Recorded data
=== Section Start ===

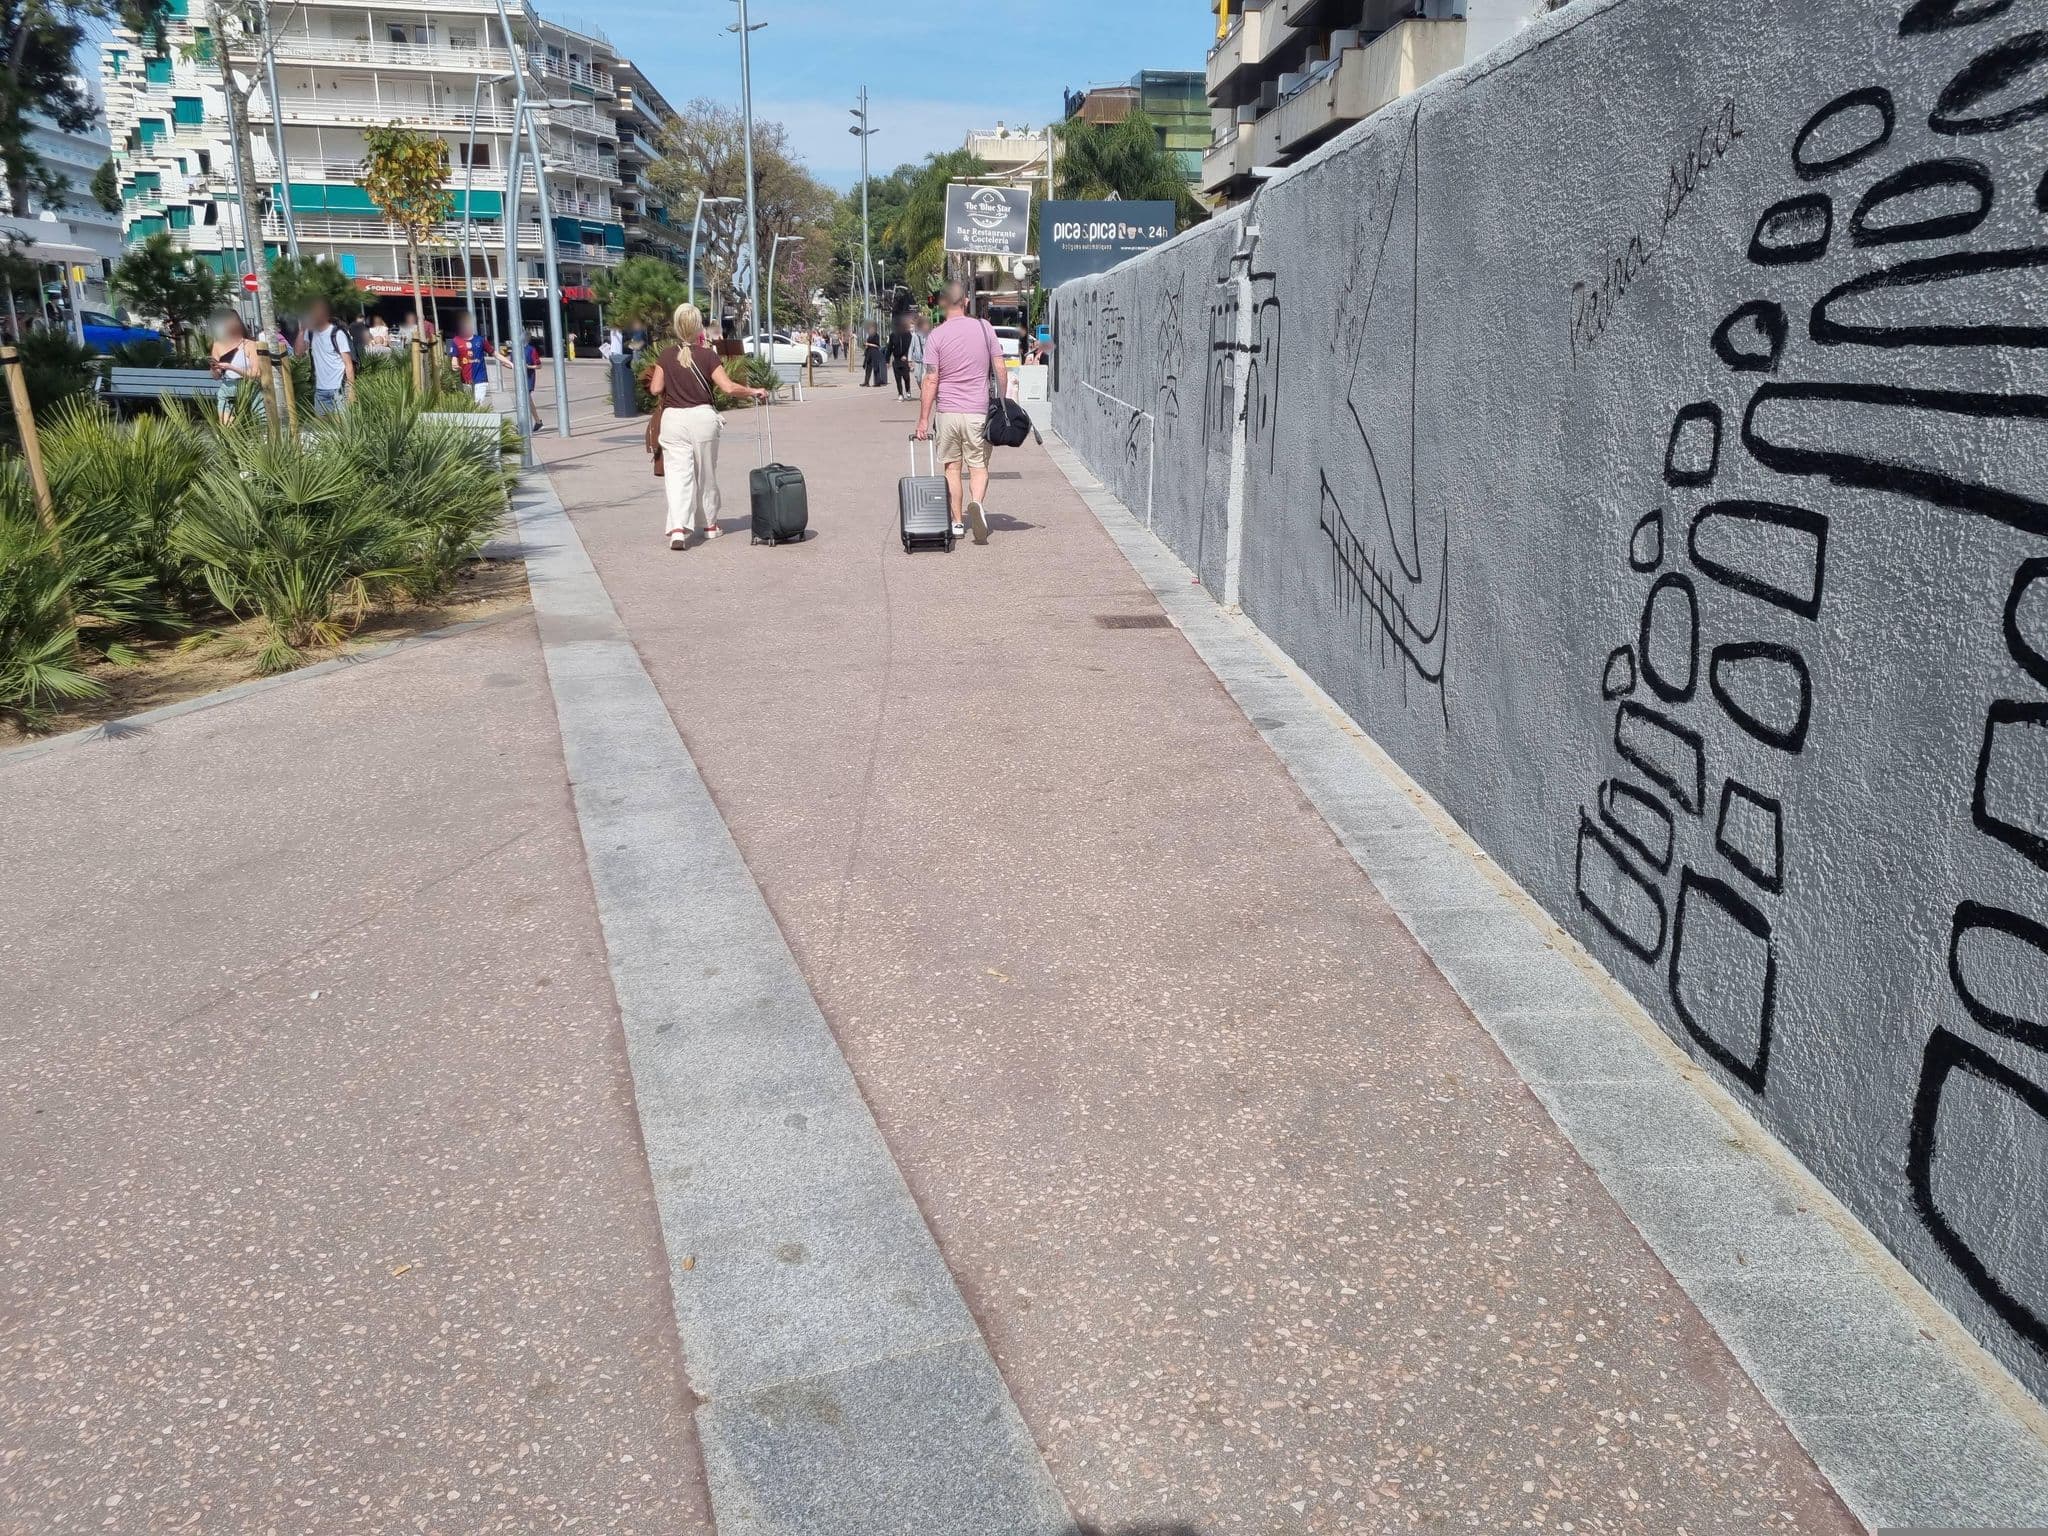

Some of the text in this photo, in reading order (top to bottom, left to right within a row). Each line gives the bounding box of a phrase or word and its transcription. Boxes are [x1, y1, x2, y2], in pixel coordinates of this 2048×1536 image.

[964, 201, 978, 210] The
[979, 202, 996, 212] Blue
[996, 204, 1012, 213] Star
[956, 226, 1017, 238] Bar Restaurante
[963, 234, 970, 242] &
[1148, 225, 1169, 239] 24h

=== Section End ===

Exercise:
The required output is each record above, reproduced exactly, without its pictures.

Response box:
Some of the text in this photo, in reading order (top to bottom, left to right within a row). Each line gives the bounding box of a phrase or word and its transcription. Boxes are [x1, y1, x2, y2], in pixel coordinates of this 2048×1536 image.

[964, 201, 978, 210] The
[979, 202, 996, 212] Blue
[996, 204, 1012, 213] Star
[956, 226, 1017, 238] Bar Restaurante
[963, 234, 970, 242] &
[1148, 225, 1169, 239] 24h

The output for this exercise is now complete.